(Referring expression grounding data)
= Beginning of Section =
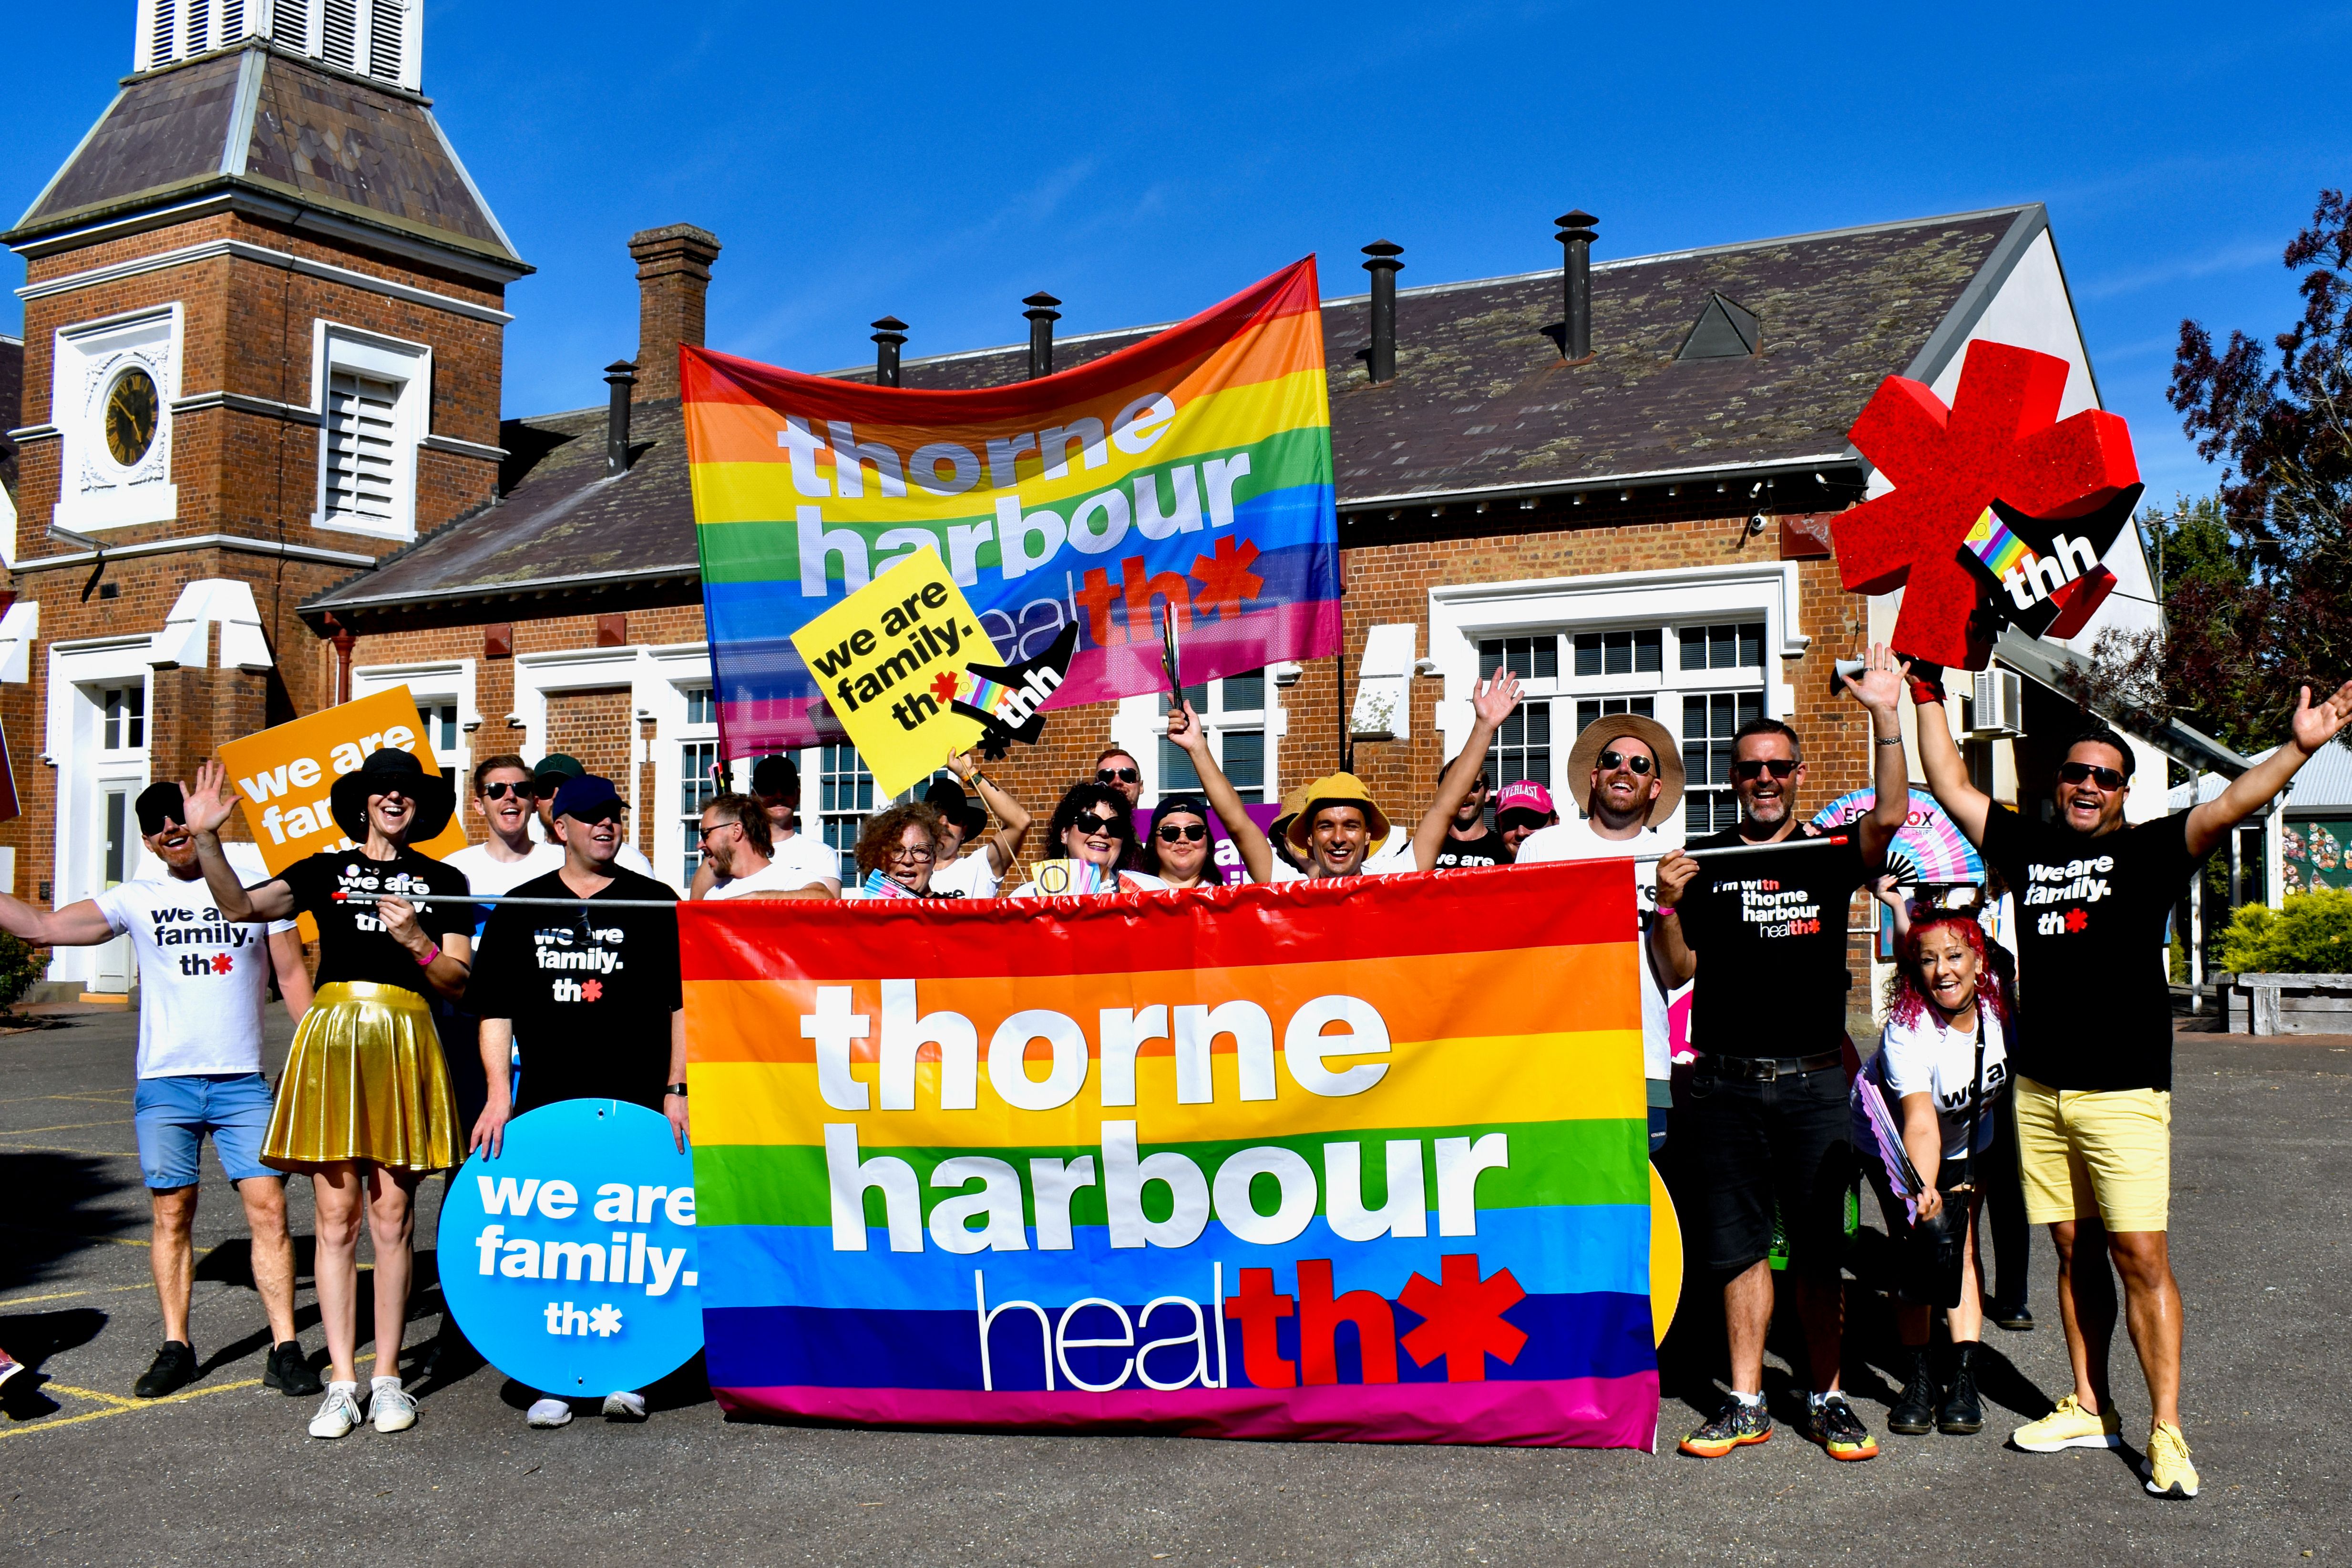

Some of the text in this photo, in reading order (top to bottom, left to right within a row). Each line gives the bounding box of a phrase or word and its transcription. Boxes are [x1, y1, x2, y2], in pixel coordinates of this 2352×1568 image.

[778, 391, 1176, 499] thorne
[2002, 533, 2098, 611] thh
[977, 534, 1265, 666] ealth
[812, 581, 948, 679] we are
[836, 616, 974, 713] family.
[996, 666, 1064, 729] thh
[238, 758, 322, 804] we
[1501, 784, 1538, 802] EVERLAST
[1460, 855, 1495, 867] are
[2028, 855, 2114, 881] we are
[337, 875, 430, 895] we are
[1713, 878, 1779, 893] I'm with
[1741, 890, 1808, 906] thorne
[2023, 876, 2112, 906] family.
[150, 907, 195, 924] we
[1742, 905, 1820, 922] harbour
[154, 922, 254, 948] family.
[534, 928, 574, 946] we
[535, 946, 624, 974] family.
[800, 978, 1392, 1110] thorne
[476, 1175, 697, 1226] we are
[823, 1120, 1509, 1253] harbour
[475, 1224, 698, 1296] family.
= End of Section =
Leave out the pictures and print every line of the data exactly.

Some of the text in this photo, in reading order (top to bottom, left to right within a row). Each line gives the bounding box of a phrase or word and its transcription. Boxes are [x1, y1, x2, y2], in pixel coordinates of this 2352×1568 image.

[778, 391, 1176, 499] thorne
[2002, 533, 2098, 611] thh
[977, 534, 1265, 666] ealth
[812, 581, 948, 679] we are
[836, 616, 974, 713] family.
[996, 666, 1064, 729] thh
[238, 758, 322, 804] we
[1501, 784, 1538, 802] EVERLAST
[1460, 855, 1495, 867] are
[2028, 855, 2114, 881] we are
[337, 875, 430, 895] we are
[1713, 878, 1779, 893] I'm with
[1741, 890, 1808, 906] thorne
[2023, 876, 2112, 906] family.
[150, 907, 195, 924] we
[1742, 905, 1820, 922] harbour
[154, 922, 254, 948] family.
[534, 928, 574, 946] we
[535, 946, 624, 974] family.
[800, 978, 1392, 1110] thorne
[476, 1175, 697, 1226] we are
[823, 1120, 1509, 1253] harbour
[475, 1224, 698, 1296] family.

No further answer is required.